Can dogs have salt, and can you add salt to dog food? | Scratch

Salt in dog food

You know that feeling. Your nostrils get the first whiff of that delicious smell. Drool starts forming at the sides of the mouth. The popcorn pops just fast enough for you to press pause and snatch it out of the microwave. Tasty, but a little bland, you eye off the salt. After a few shakes, mmmm.

Dog food isn’t too dissimilar. Bland ingredients often get dosed with salt to make it more appealing, but what is the effect of salt on our dog’s organs?

A little background on salt in dog food

Salt has two main benefits:

  1. It is an essential nutrient that helps to balance electrolytes (fluid volume), also supporting nerve and muscle growth
  2. It acts as a preservative, helping to bind moisture in food

Most dog foods will add additional salt for a number of reasons

  1. Salt improves palatability so dogs are more likely to eat it
  2. It helps manufacturers make the food stable – particularly moist treats and chilled food

Most recipes have salt, so how much salt is too much?

There’s nothing wrong with salt, however excess salt or high salt intake in a short amount of time can present health risks.

Puppies with dog food box

Puppies require at least 0.45% salt in their food, but this reduces to just 0.12% minimum as they reach full age. There is actually no upper limit suggested by AAFCO – the association for which most Australian pet food bases their dietary recommendations off.

Be careful with salty treats

Most commercial dry dog food will have healthy levels of salt for all life stages, but some might not have enough for growing puppies. Treats are where you really need to watch out.

Semi-moist and flexible treats are the riskiest, as manufacturers can include plenty of sugar and salt to increase yield.

With high salt levels, this is why bacon and other processed meats should be off the menu.

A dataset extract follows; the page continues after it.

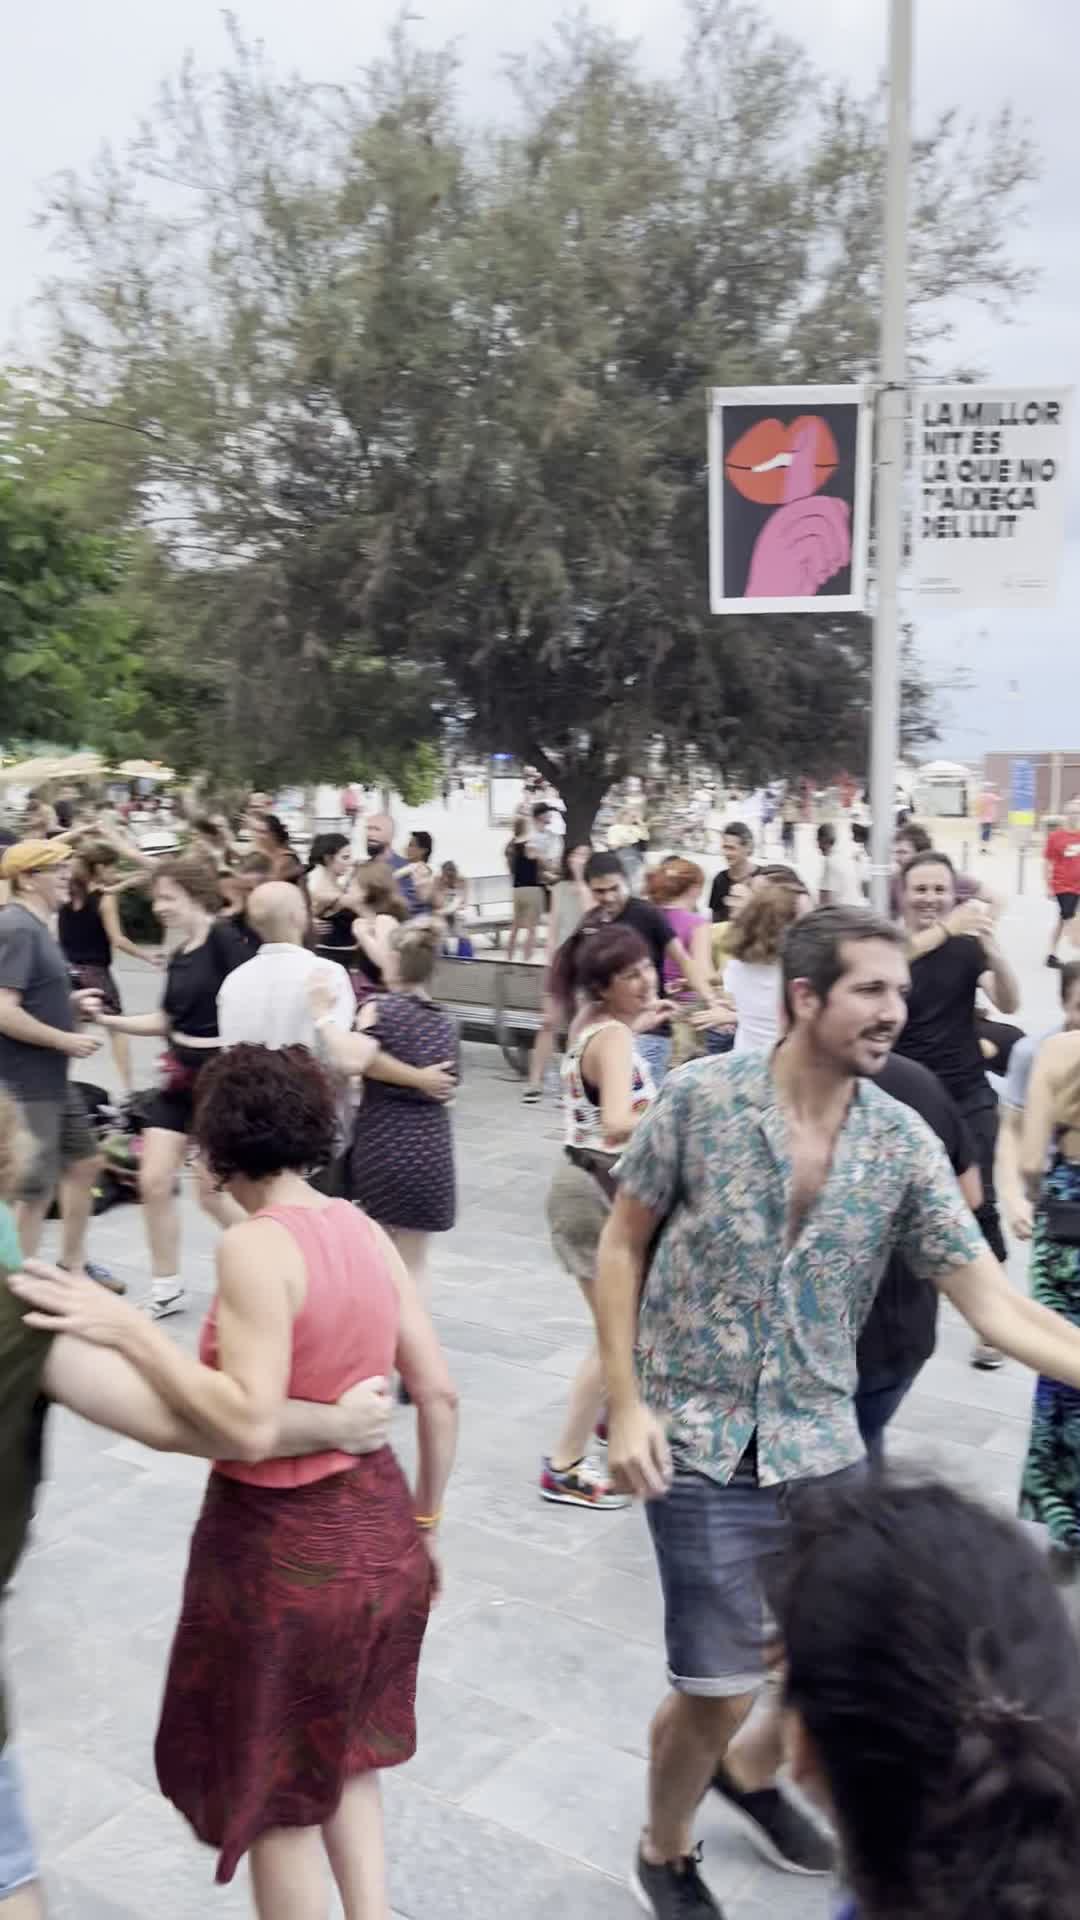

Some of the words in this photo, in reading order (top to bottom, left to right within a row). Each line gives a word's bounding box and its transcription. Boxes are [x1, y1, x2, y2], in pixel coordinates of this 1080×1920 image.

[923, 402, 951, 426] LA
[923, 460, 948, 483] LA
[958, 459, 1010, 482] QUE

What breeds & health issues should watch their salt intake?

Some dogs with medical conditions may require no salt or a low-salt diet.

If your dog has ‘Congestive heart failureโ€™ which causes fluid to build up in the body, your vet might direct you to a low-salt diet. Many dogs showing signs of kidney disease are also advised to limit salt intake.

If you’re unsure about salt and your dog, ask your dog food brand how much salt is in their food, and speak to your vet.

Finding out how much salt is in your dog food

As we know, dog food labelling standards in Australia are atrocious and companies have close to free reign over how and whether they choose to reveal your dog’s salt intake.

Salt can be labelled as:

  • Sodium Chloride
  • Grouped within “Humectants”
  • Grouped within “Preservatives”
  • Grouped within “Vitamins + Minerals”
  • Not even declared at all if the company chooses not to comply with the voluntary Australian standard

How much salt does Scratch have?

Scratch has 0.52% added salt to make sure it has enough for your growing puppy (including our large breed puppy food) and also your older dogs.